## Task to complete
Your answer must consist of the records exactly as given, with no pictures included.

[[ Data to process open ]]

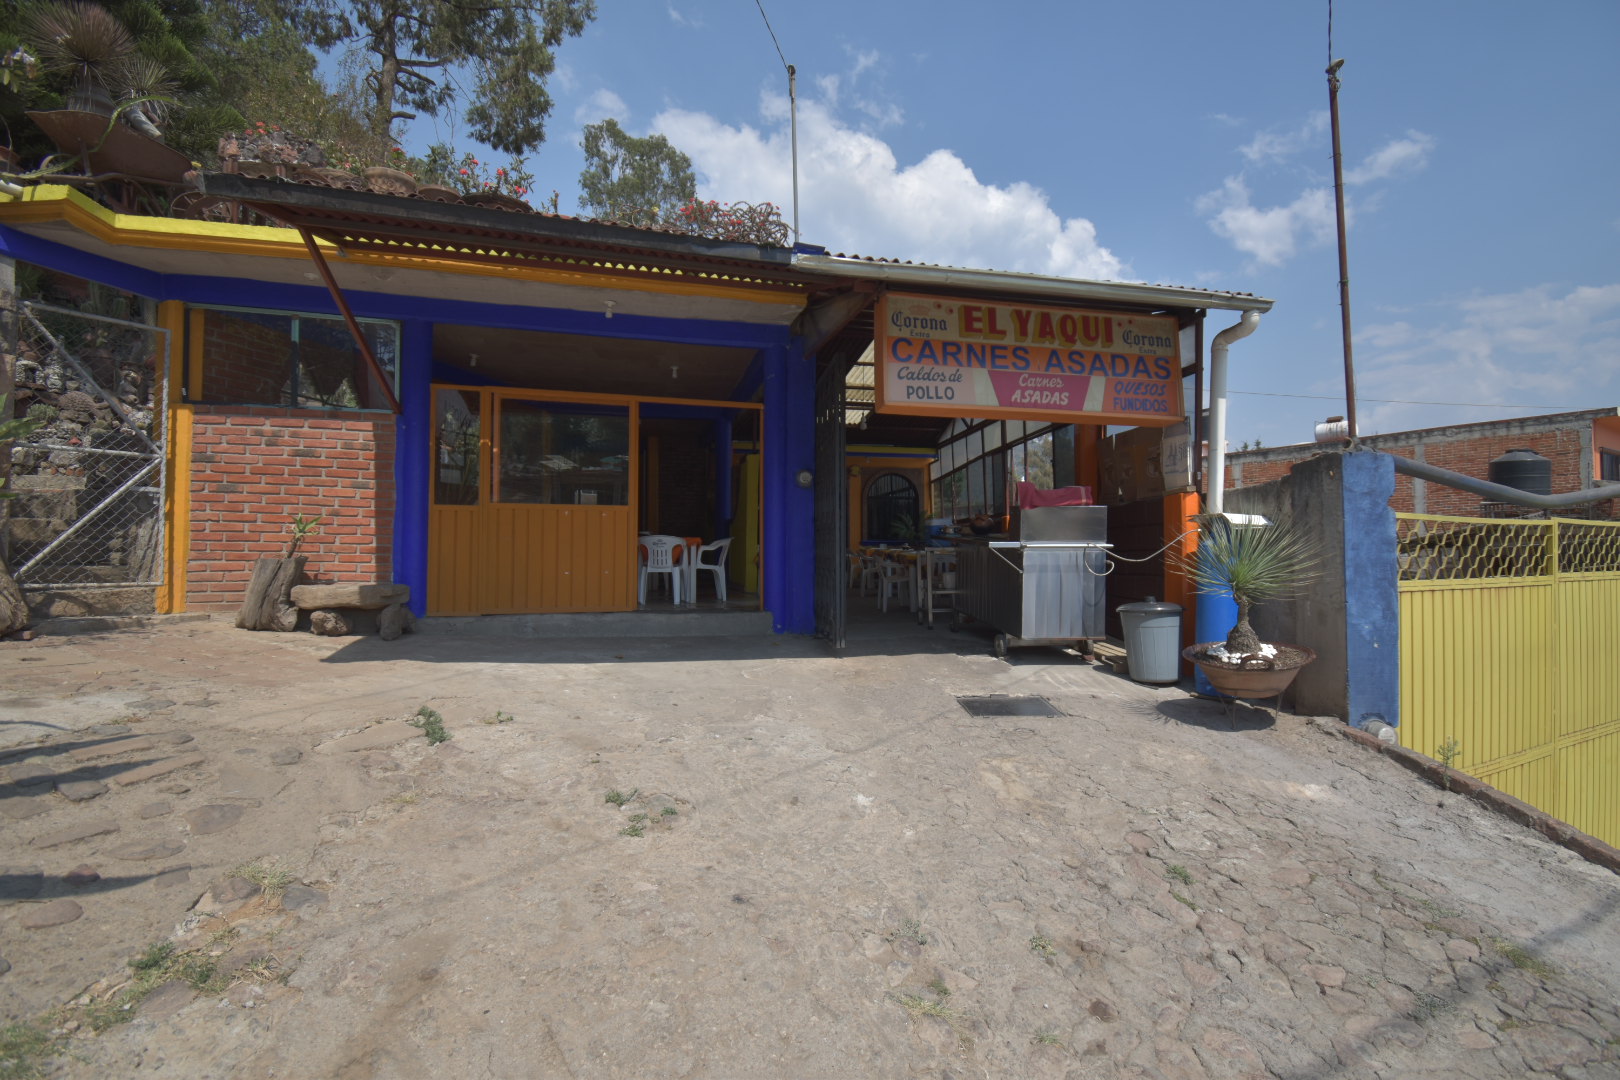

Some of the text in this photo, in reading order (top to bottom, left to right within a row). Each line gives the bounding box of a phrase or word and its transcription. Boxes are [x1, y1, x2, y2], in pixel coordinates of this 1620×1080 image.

[891, 311, 947, 331] Corona
[958, 305, 1114, 348] EL YAQUI
[1122, 330, 1171, 348] Corona
[892, 337, 1172, 380] CARNES ASADAS
[897, 366, 963, 383] Caldos de
[1018, 373, 1065, 388] Carnes
[906, 385, 954, 400] POLLO
[1011, 389, 1070, 406] ASADAS
[1114, 381, 1167, 397] QUESOS
[1113, 397, 1169, 413] FUNDIDOS

[[ Data to process closed ]]

## Response area
Some of the text in this photo, in reading order (top to bottom, left to right within a row). Each line gives the bounding box of a phrase or word and its transcription. Boxes are [x1, y1, x2, y2], in pixel coordinates of this 1620×1080 image.

[891, 311, 947, 331] Corona
[958, 305, 1114, 348] EL YAQUI
[1122, 330, 1171, 348] Corona
[892, 337, 1172, 380] CARNES ASADAS
[897, 366, 963, 383] Caldos de
[1018, 373, 1065, 388] Carnes
[906, 385, 954, 400] POLLO
[1011, 389, 1070, 406] ASADAS
[1114, 381, 1167, 397] QUESOS
[1113, 397, 1169, 413] FUNDIDOS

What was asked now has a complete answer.